___ PROVIDED ENTRIES ___
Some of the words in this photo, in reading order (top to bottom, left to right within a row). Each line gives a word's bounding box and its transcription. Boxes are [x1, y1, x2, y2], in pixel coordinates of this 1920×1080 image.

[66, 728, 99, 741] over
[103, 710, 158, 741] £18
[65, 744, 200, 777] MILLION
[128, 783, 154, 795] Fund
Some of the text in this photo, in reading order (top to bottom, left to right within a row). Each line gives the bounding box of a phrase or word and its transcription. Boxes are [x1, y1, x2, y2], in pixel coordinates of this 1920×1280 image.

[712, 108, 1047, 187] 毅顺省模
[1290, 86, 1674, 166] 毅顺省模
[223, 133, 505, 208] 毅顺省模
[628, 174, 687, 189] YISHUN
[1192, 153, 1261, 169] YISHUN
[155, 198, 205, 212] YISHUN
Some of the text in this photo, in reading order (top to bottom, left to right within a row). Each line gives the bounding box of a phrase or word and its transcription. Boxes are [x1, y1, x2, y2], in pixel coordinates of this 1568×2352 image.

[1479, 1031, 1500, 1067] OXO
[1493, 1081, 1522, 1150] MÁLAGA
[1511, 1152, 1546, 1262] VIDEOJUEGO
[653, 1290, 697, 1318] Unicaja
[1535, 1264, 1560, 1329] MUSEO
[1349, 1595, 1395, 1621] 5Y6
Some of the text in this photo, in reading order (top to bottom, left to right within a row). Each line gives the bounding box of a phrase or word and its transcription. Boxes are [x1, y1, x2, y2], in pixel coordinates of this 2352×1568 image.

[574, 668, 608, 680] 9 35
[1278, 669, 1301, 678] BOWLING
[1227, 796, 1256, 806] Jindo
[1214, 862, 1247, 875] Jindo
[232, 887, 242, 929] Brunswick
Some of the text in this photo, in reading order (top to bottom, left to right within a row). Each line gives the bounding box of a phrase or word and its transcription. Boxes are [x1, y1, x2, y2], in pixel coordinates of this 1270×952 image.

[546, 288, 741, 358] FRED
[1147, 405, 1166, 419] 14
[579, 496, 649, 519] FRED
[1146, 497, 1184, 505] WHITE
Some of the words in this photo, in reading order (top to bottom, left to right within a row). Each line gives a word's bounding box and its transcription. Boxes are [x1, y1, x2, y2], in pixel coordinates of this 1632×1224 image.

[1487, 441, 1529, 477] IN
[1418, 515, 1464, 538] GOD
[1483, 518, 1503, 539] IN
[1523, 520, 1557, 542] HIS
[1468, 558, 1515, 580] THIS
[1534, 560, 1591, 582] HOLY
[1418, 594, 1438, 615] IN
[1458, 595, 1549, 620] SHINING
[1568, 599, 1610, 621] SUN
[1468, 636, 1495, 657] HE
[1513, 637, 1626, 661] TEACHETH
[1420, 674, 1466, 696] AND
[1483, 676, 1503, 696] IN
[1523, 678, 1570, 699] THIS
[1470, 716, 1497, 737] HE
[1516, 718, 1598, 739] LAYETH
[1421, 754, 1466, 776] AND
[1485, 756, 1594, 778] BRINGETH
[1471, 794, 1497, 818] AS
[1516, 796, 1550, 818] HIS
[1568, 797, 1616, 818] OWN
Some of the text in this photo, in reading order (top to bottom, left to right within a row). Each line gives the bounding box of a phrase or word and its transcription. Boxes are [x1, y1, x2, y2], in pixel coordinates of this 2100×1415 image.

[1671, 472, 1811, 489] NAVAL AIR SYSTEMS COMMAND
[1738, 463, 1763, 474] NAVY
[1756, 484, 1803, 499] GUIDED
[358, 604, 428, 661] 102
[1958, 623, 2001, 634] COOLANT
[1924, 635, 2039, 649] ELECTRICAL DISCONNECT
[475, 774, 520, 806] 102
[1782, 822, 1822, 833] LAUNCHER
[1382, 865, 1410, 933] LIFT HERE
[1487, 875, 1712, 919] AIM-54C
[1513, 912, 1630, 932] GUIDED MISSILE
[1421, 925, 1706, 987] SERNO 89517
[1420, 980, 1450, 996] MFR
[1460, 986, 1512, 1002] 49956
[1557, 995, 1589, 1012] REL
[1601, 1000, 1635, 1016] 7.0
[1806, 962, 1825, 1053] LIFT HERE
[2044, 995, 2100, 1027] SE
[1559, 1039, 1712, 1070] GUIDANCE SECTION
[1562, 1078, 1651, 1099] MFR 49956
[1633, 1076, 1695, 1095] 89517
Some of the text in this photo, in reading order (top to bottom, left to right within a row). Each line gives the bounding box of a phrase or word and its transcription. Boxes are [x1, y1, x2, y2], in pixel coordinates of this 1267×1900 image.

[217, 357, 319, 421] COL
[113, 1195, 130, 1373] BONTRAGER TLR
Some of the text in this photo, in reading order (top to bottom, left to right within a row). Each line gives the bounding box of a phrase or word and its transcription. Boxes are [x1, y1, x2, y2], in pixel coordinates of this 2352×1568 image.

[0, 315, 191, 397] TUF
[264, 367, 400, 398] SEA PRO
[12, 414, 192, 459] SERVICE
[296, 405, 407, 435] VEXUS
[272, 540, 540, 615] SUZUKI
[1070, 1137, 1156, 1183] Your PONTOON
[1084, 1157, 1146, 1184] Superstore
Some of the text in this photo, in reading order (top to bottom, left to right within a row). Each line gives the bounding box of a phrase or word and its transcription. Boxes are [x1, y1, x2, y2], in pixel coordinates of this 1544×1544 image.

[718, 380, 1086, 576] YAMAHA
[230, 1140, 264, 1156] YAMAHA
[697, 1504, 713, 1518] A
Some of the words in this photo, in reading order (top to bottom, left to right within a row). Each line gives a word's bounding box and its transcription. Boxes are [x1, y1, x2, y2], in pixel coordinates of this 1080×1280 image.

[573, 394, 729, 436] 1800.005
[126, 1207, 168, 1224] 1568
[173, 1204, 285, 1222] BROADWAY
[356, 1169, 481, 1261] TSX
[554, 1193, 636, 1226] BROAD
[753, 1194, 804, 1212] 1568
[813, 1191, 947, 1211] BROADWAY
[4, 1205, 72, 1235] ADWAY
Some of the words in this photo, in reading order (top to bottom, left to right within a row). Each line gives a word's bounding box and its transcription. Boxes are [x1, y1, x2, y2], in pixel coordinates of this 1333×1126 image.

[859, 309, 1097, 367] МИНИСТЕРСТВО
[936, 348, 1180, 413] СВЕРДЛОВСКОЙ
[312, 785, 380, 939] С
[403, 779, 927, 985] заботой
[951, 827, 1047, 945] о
___
ACTIVITY
Produce the records once again, exactly as they stand above.

REPLY
Some of the words in this photo, in reading order (top to bottom, left to right within a row). Each line gives a word's bounding box and its transcription. Boxes are [x1, y1, x2, y2], in pixel coordinates of this 1920×1080 image.

[66, 728, 99, 741] over
[103, 710, 158, 741] £18
[65, 744, 200, 777] MILLION
[128, 783, 154, 795] Fund
Some of the text in this photo, in reading order (top to bottom, left to right within a row). Each line gives the bounding box of a phrase or word and its transcription. Boxes are [x1, y1, x2, y2], in pixel coordinates of this 1920×1280 image.

[712, 108, 1047, 187] 毅顺省模
[1290, 86, 1674, 166] 毅顺省模
[223, 133, 505, 208] 毅顺省模
[628, 174, 687, 189] YISHUN
[1192, 153, 1261, 169] YISHUN
[155, 198, 205, 212] YISHUN
Some of the text in this photo, in reading order (top to bottom, left to right within a row). Each line gives the bounding box of a phrase or word and its transcription. Boxes are [x1, y1, x2, y2], in pixel coordinates of this 1568×2352 image.

[1479, 1031, 1500, 1067] OXO
[1493, 1081, 1522, 1150] MÁLAGA
[1511, 1152, 1546, 1262] VIDEOJUEGO
[653, 1290, 697, 1318] Unicaja
[1535, 1264, 1560, 1329] MUSEO
[1349, 1595, 1395, 1621] 5Y6
Some of the text in this photo, in reading order (top to bottom, left to right within a row). Each line gives the bounding box of a phrase or word and its transcription. Boxes are [x1, y1, x2, y2], in pixel coordinates of this 2352×1568 image.

[574, 668, 608, 680] 9 35
[1278, 669, 1301, 678] BOWLING
[1227, 796, 1256, 806] Jindo
[1214, 862, 1247, 875] Jindo
[232, 887, 242, 929] Brunswick
Some of the text in this photo, in reading order (top to bottom, left to right within a row). Each line gives the bounding box of a phrase or word and its transcription. Boxes are [x1, y1, x2, y2], in pixel coordinates of this 1270×952 image.

[546, 288, 741, 358] FRED
[1147, 405, 1166, 419] 14
[579, 496, 649, 519] FRED
[1146, 497, 1184, 505] WHITE
Some of the words in this photo, in reading order (top to bottom, left to right within a row). Each line gives a word's bounding box and its transcription. Boxes are [x1, y1, x2, y2], in pixel coordinates of this 1632×1224 image.

[1487, 441, 1529, 477] IN
[1418, 515, 1464, 538] GOD
[1483, 518, 1503, 539] IN
[1523, 520, 1557, 542] HIS
[1468, 558, 1515, 580] THIS
[1534, 560, 1591, 582] HOLY
[1418, 594, 1438, 615] IN
[1458, 595, 1549, 620] SHINING
[1568, 599, 1610, 621] SUN
[1468, 636, 1495, 657] HE
[1513, 637, 1626, 661] TEACHETH
[1420, 674, 1466, 696] AND
[1483, 676, 1503, 696] IN
[1523, 678, 1570, 699] THIS
[1470, 716, 1497, 737] HE
[1516, 718, 1598, 739] LAYETH
[1421, 754, 1466, 776] AND
[1485, 756, 1594, 778] BRINGETH
[1471, 794, 1497, 818] AS
[1516, 796, 1550, 818] HIS
[1568, 797, 1616, 818] OWN
Some of the text in this photo, in reading order (top to bottom, left to right within a row). Each line gives the bounding box of a phrase or word and its transcription. Boxes are [x1, y1, x2, y2], in pixel coordinates of this 2100×1415 image.

[1671, 472, 1811, 489] NAVAL AIR SYSTEMS COMMAND
[1738, 463, 1763, 474] NAVY
[1756, 484, 1803, 499] GUIDED
[358, 604, 428, 661] 102
[1958, 623, 2001, 634] COOLANT
[1924, 635, 2039, 649] ELECTRICAL DISCONNECT
[475, 774, 520, 806] 102
[1782, 822, 1822, 833] LAUNCHER
[1382, 865, 1410, 933] LIFT HERE
[1487, 875, 1712, 919] AIM-54C
[1513, 912, 1630, 932] GUIDED MISSILE
[1421, 925, 1706, 987] SERNO 89517
[1420, 980, 1450, 996] MFR
[1460, 986, 1512, 1002] 49956
[1557, 995, 1589, 1012] REL
[1601, 1000, 1635, 1016] 7.0
[1806, 962, 1825, 1053] LIFT HERE
[2044, 995, 2100, 1027] SE
[1559, 1039, 1712, 1070] GUIDANCE SECTION
[1562, 1078, 1651, 1099] MFR 49956
[1633, 1076, 1695, 1095] 89517
Some of the text in this photo, in reading order (top to bottom, left to right within a row). Each line gives the bounding box of a phrase or word and its transcription. Boxes are [x1, y1, x2, y2], in pixel coordinates of this 1267×1900 image.

[217, 357, 319, 421] COL
[113, 1195, 130, 1373] BONTRAGER TLR
Some of the text in this photo, in reading order (top to bottom, left to right within a row). Each line gives the bounding box of a phrase or word and its transcription. Boxes are [x1, y1, x2, y2], in pixel coordinates of this 2352×1568 image.

[0, 315, 191, 397] TUF
[264, 367, 400, 398] SEA PRO
[12, 414, 192, 459] SERVICE
[296, 405, 407, 435] VEXUS
[272, 540, 540, 615] SUZUKI
[1070, 1137, 1156, 1183] Your PONTOON
[1084, 1157, 1146, 1184] Superstore
Some of the text in this photo, in reading order (top to bottom, left to right within a row). Each line gives the bounding box of a phrase or word and its transcription. Boxes are [x1, y1, x2, y2], in pixel coordinates of this 1544×1544 image.

[718, 380, 1086, 576] YAMAHA
[230, 1140, 264, 1156] YAMAHA
[697, 1504, 713, 1518] A
Some of the words in this photo, in reading order (top to bottom, left to right within a row). Each line gives a word's bounding box and its transcription. Boxes are [x1, y1, x2, y2], in pixel coordinates of this 1080×1280 image.

[573, 394, 729, 436] 1800.005
[126, 1207, 168, 1224] 1568
[173, 1204, 285, 1222] BROADWAY
[356, 1169, 481, 1261] TSX
[554, 1193, 636, 1226] BROAD
[753, 1194, 804, 1212] 1568
[813, 1191, 947, 1211] BROADWAY
[4, 1205, 72, 1235] ADWAY
Some of the words in this photo, in reading order (top to bottom, left to right within a row). Each line gives a word's bounding box and its transcription. Boxes are [x1, y1, x2, y2], in pixel coordinates of this 1333×1126 image.

[859, 309, 1097, 367] МИНИСТЕРСТВО
[936, 348, 1180, 413] СВЕРДЛОВСКОЙ
[312, 785, 380, 939] С
[403, 779, 927, 985] заботой
[951, 827, 1047, 945] о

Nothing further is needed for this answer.